In 1937 the Japanese army took over Nanking, which at the time was the capital of China. In the resulting seven-week occupation known as the Rape of Nanking, as many as 80,000 women were raped. Chinese women and girls of all ages were raped, mutilated, tortured, sexually enslaved, and killed; unknown numbers of them were left pregnant. Many pregnant Nanking women killed themselves in 1938, and others committed infanticide when their babies were born. During the rest of the 20th century there was no record of any Chinese woman acknowledging her child as having been born as a result of the Rape of Nanking.

Bosnian War

During the 1992–1995 Bosnian War, pregnancy from rape was used to perpetrate genocide. There were reports of deliberately created "rape camps" intended to impregnate captive Muslim and Croatian women. Women were reported to have been kept in confinement until their pregnancies had advanced beyond a stage at which abortion would be safe. In the context of a patrilineal society, in which children inherit their father's ethnicity, such camps were intended to create a new generation of Serbian children. The women's group Tresnjevka claimed that more than 35,000 women and children were held in such Serb-run camps. Estimates range from 20,000 to 50,000 victims. Feryal Gharahi of Equality Now reported:

Families were separated, and women and children were kept in the gym, where all of the women and girls over ten years old were raped in the first few days.... There are rape camps all over the country. Thousands of women are being raped and killed. Thousands of women are pregnant as a result of rape. Over and over again, everywhere I went in Bosnia-Herzegovina and in Croatian refugee camps, women told me stories of abomination – of being kept in a room, raped repeatedly and told they would be held until they gave birth to Serbian children.

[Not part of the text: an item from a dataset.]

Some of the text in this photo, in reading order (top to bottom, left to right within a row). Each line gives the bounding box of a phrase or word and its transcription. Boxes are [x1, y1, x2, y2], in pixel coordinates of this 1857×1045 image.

After the Bosnian War, the International Criminal Court updated its statute to prohibit "confin[ing] one or more women forcibly made pregnant, with the intent of affecting the ethnic composition of any population".

Treatment and outcomes

Immediate post-rape protocols call for medical professionals to assess the likelihood that a victim will become pregnant in their assessment of the physical damage done to the woman. Protocol for gaining a history of the use of contraceptives, as a woman's use of birth control pills or other contraceptives before a rape affect her chance of becoming pregnant. Treatment protocols also call for clinicians to provide access to emergency contraception and counseling on abortion in countries where it is legal. High-dose estrogen pills were tried as an experimental treatment after rape in the 1960s, and in 1972 Canadian physician A. Albert Yuzpe and his colleagues began systematic studies on the use of ethinylestradiol and norgestrel to provide emergency contraception after an assault. These treatments reduced the rate of pregnancy after rape by 84%. This method is now called the Yuzpe regimen. Before being treated with pregnancy prevention measures, a rape victim is given a HCG pregnancy test to determine whether she was already pregnant before the rape.

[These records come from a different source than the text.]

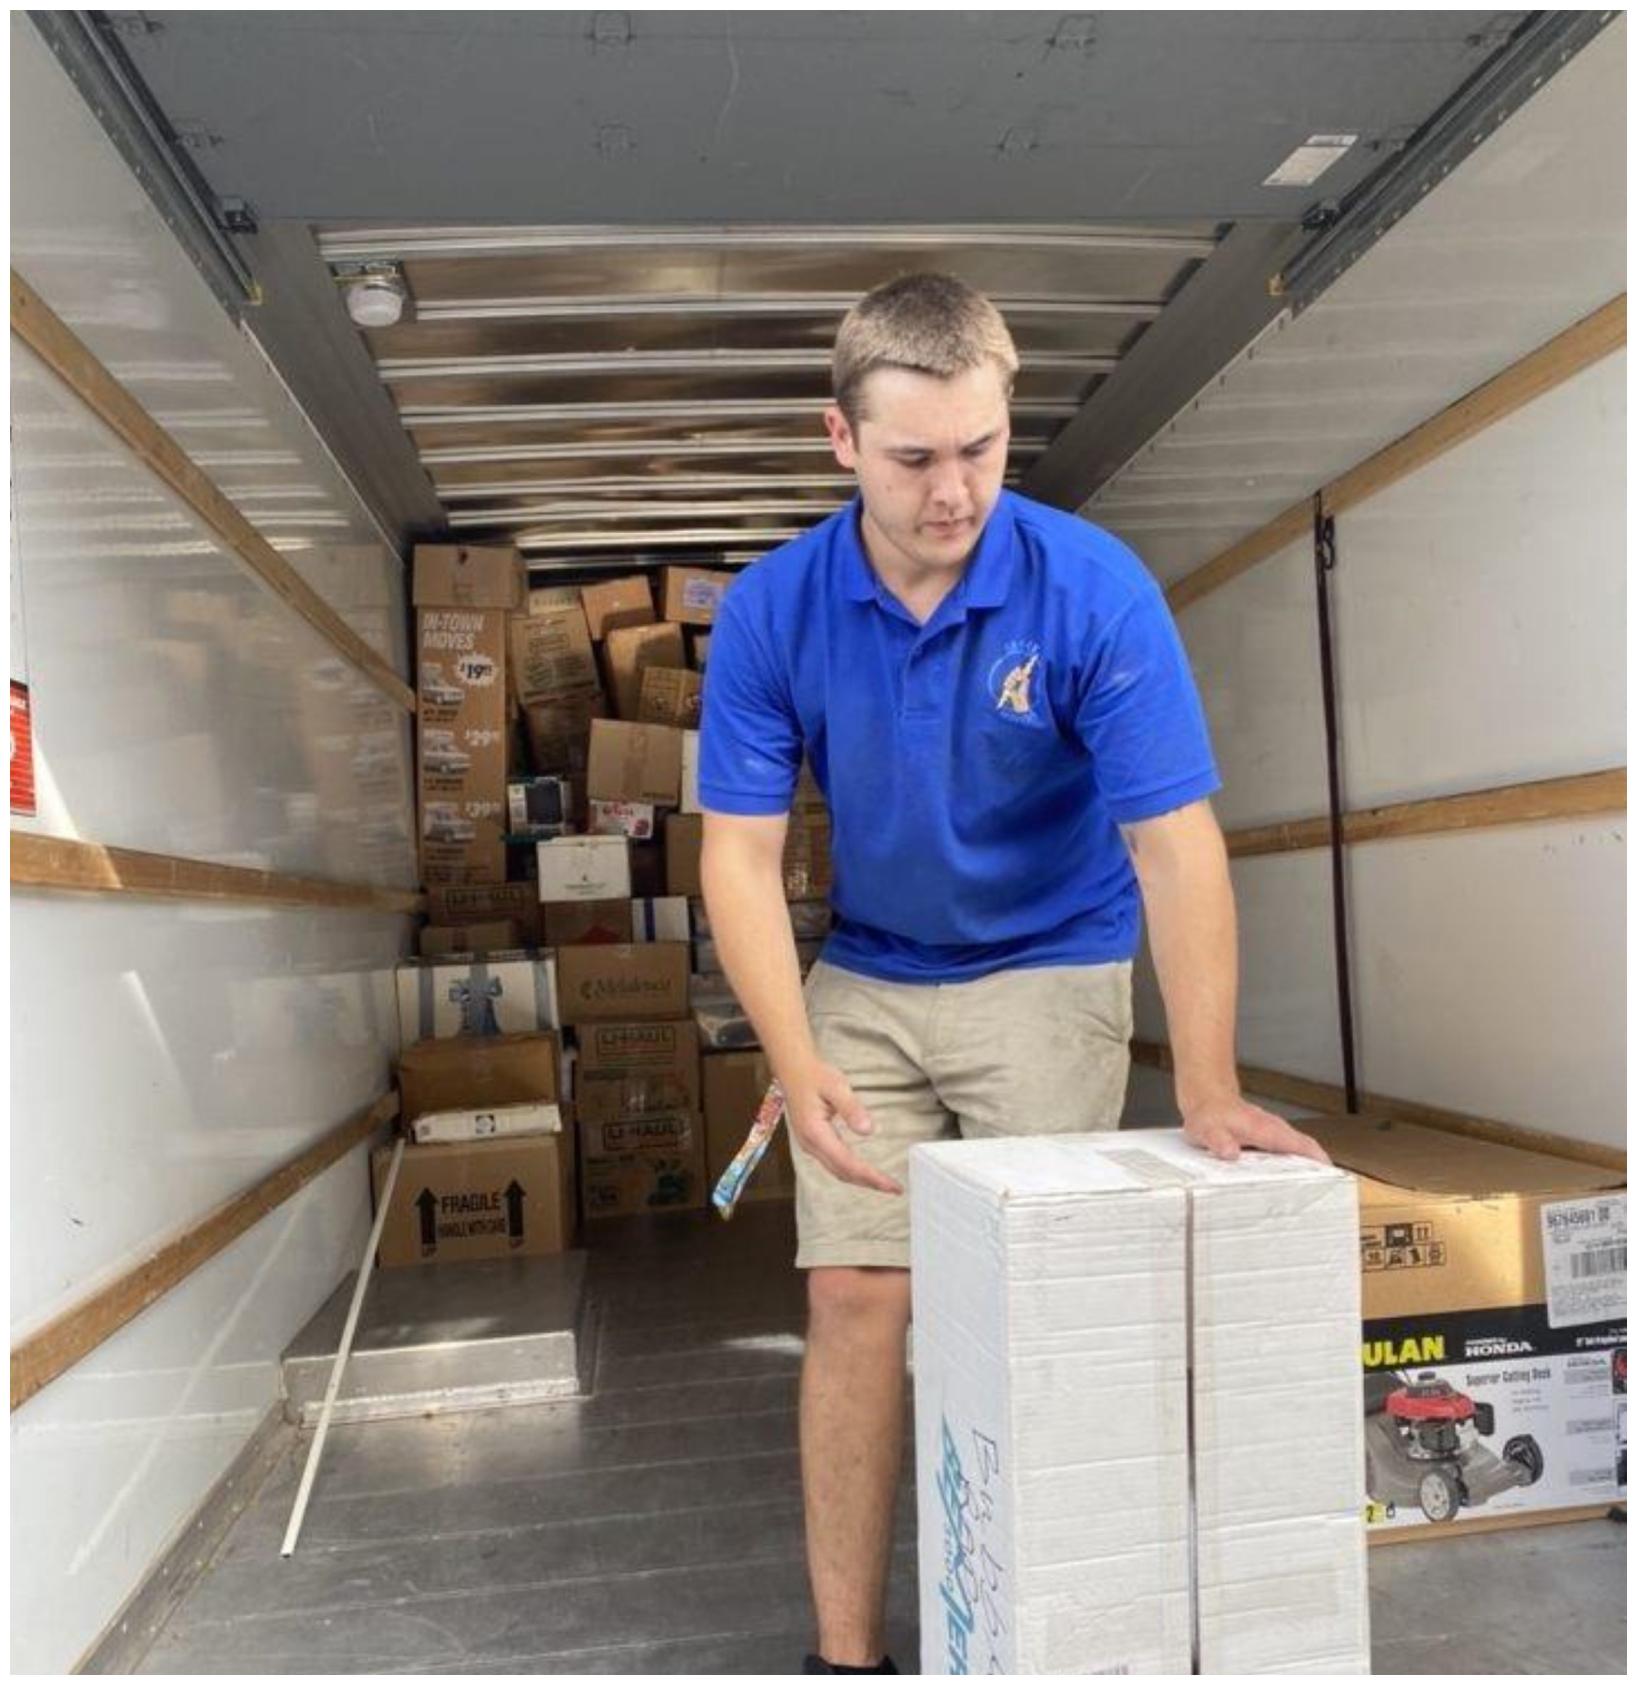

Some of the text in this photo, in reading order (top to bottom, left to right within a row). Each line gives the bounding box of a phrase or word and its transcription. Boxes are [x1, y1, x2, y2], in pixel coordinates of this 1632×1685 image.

[423, 612, 485, 632] IN-TOWN
[422, 632, 475, 651] MOVES
[441, 1191, 501, 1214] FRAGILE
[1464, 1341, 1534, 1358] HONDA
[1465, 1373, 1501, 1388] Superior

When being discharged from emergency care, clinicians provide information about pregnancy as well as other complications such as infection and emotional trauma. While a woman who has become pregnant during the past 48 hours will test negative for pregnancy in an HCG pregnancy test (unless she was already pregnant before the rape), pregnancy resulting from the rape can be detected at the two-week follow-up visit.

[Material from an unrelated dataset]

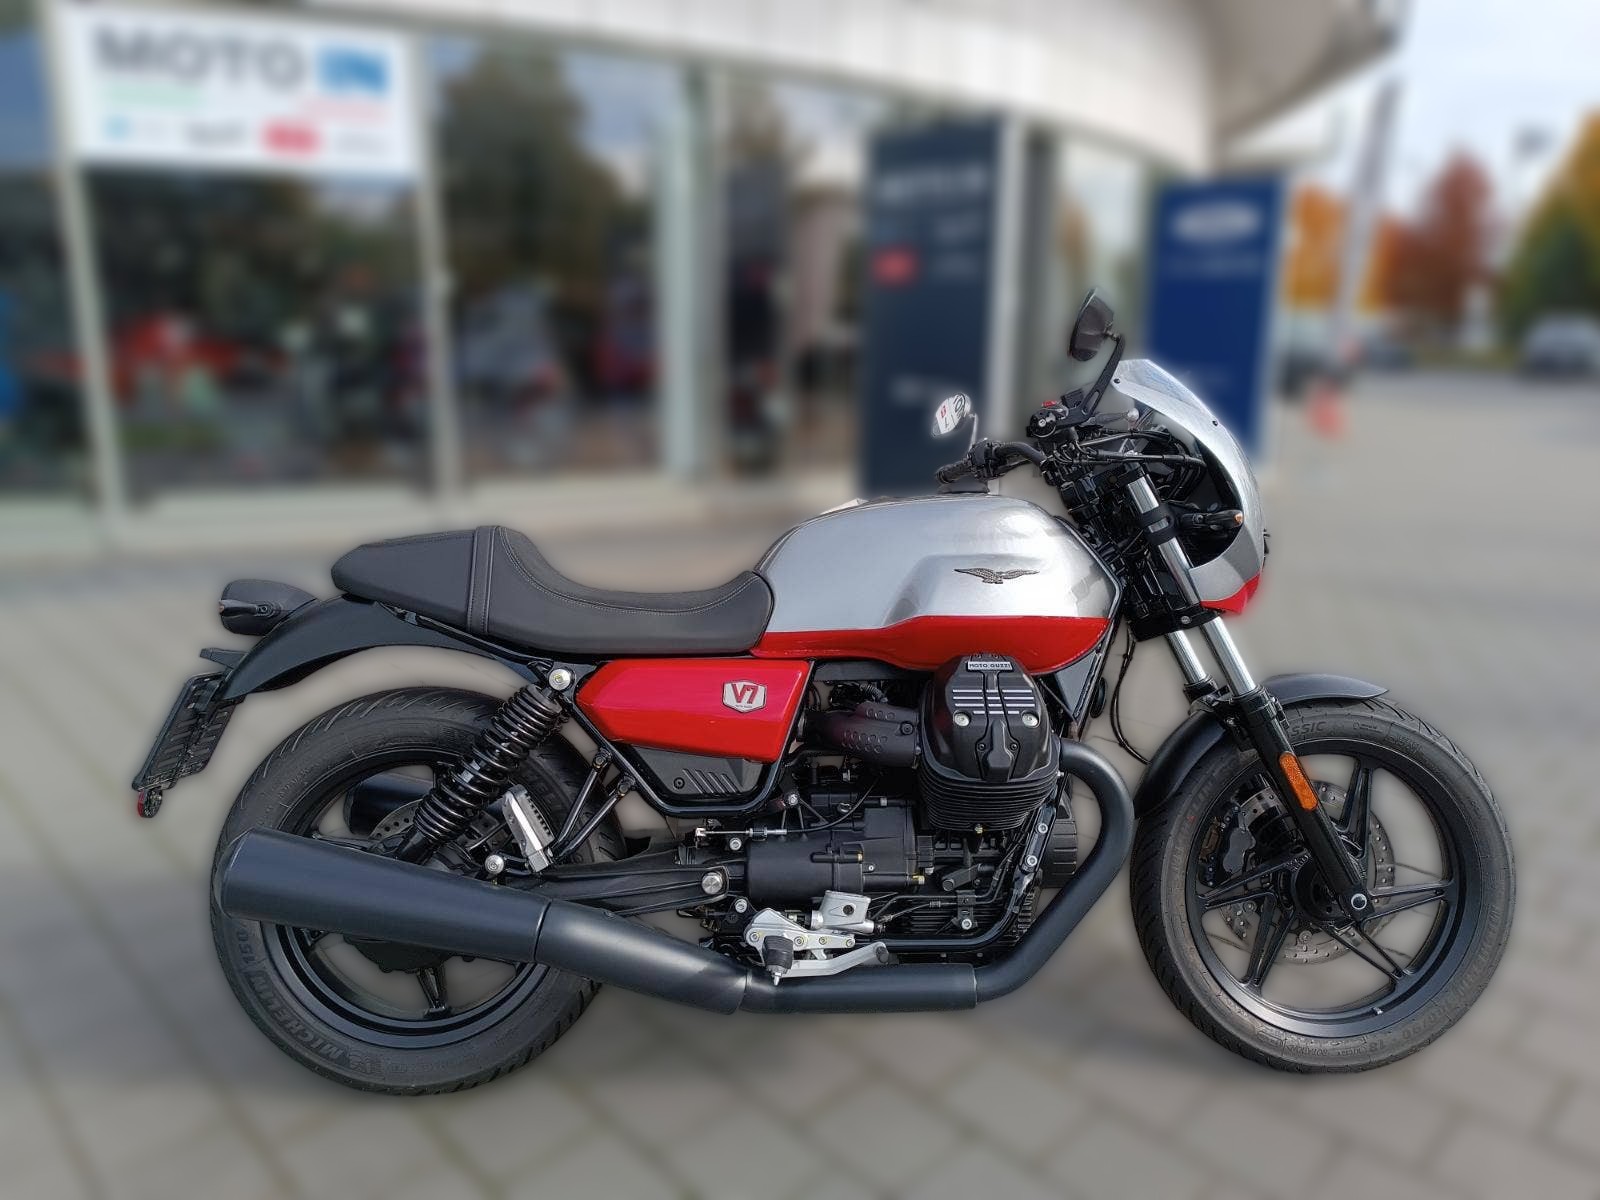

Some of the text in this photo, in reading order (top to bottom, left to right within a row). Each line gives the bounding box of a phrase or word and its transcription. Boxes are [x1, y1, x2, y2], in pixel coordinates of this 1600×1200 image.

[96, 26, 305, 92] MOTO
[731, 683, 759, 704] V7
[1290, 721, 1327, 738] SSIC
[248, 969, 346, 1060] MICHELIN

Decisions of whether to end a rape-related pregnancy or carry it to term, and whether to keep the child or place the child for adoption can be severely traumatizing for a woman. Abortion rates for pregnancies due to rape vary significantly by culture and demographics; women who live in countries where abortion is illegal must often give birth to the child or secretly undergo a dangerous, unsafe abortion. Some women do not wish to get abortions for religious or cultural reasons. In a third of cases, rape-related pregnancies are not discovered until the second trimester of pregnancy, which may reduce a woman's options, particularly if she doesn't have easy access to legal abortion or is still recovering from the trauma of the rape itself.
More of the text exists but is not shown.